WHAT THE EXERCISE ASKS:
Set each entry down exactly as written.

DATASET EXTRACT:
....

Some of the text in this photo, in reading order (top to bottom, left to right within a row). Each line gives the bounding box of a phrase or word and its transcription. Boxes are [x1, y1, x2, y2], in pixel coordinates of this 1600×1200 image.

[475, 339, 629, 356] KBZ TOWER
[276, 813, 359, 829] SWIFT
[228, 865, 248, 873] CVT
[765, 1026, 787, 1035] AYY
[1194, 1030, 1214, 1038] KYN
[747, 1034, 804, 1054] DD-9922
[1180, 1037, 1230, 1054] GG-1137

....

RESULT FOR THIS EXERCISE:
Some of the text in this photo, in reading order (top to bottom, left to right within a row). Each line gives the bounding box of a phrase or word and its transcription. Boxes are [x1, y1, x2, y2], in pixel coordinates of this 1600×1200 image.

[475, 339, 629, 356] KBZ TOWER
[276, 813, 359, 829] SWIFT
[228, 865, 248, 873] CVT
[765, 1026, 787, 1035] AYY
[1194, 1030, 1214, 1038] KYN
[747, 1034, 804, 1054] DD-9922
[1180, 1037, 1230, 1054] GG-1137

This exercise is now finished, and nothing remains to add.